Tymczasem mechanicy stwierdzają po otwarciu silnika, że np.:
- 4 zawory z 16-tu mają luz zbliżający się do granicy tolerancji (ale jeszcze są "w normie"),
- 12 pozostałych zaworów ma luzy jeszcze w sporym zapasie
i................
........... i nic z tym więcej nie robią. Zamykają silnik i tyle.
A powinni się za to wziąć i ustawić tak, żeby wszystkie ssące miały
jednakowy luz oraz wszystkie wydechowe również odpowiednią -
jednakową wartość.
Tymczasem "spece" po prostu zamykają dekiel i tyle - pada hasło: "jeździć dalej do następnego przeglądu zaworowego"...
... więc się jeździ...................... i jeeeeździ......i jeeeeeeeeeździ......
..... tylko się potem okazuje - przy następnym otwarciu dekla, że już daaawno na tych zaworach co były blisko "kwalifikowania się do regulacji" luz był mooooocno nieodpowiedni lub go wcale nie było, a zawory są zjechane....

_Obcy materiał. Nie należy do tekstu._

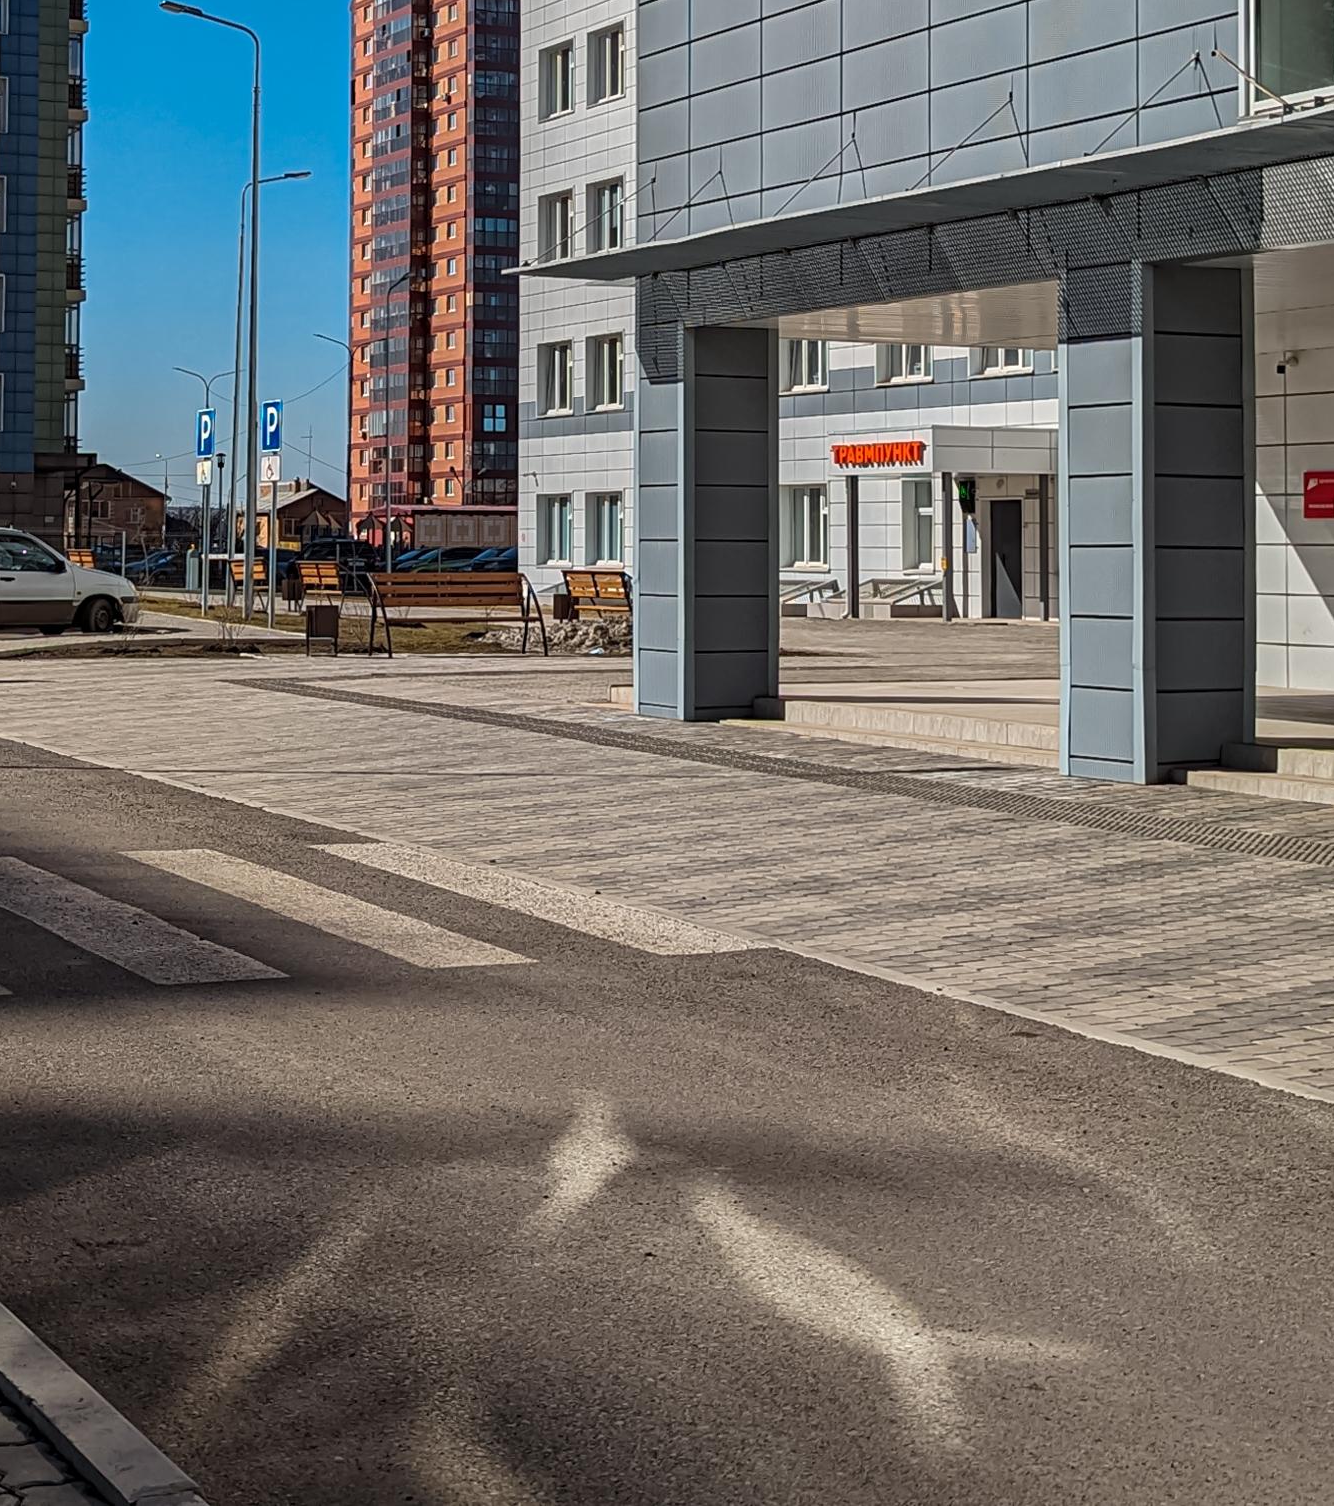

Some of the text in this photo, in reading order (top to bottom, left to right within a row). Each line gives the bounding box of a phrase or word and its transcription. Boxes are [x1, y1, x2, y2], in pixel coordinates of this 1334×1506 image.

Przecież logiczne jest, że gdy np. przy 24 tysiach część zaworów znacząco odbiega od reszty, to należy się spodziewać, że po niedługim czasie na tych zaworach luz "wyjdzie" poza wartości dopuszczalne...
W takim wypadku, albo
od razu robi się korektę i ustawia tak żeby luzy były jednakowe, albo zostawia się,
ALE za niedługo zagląda się tam ponownie - powiedzmy za 6 tysięcy a nie za kolejne 24 tysiące km....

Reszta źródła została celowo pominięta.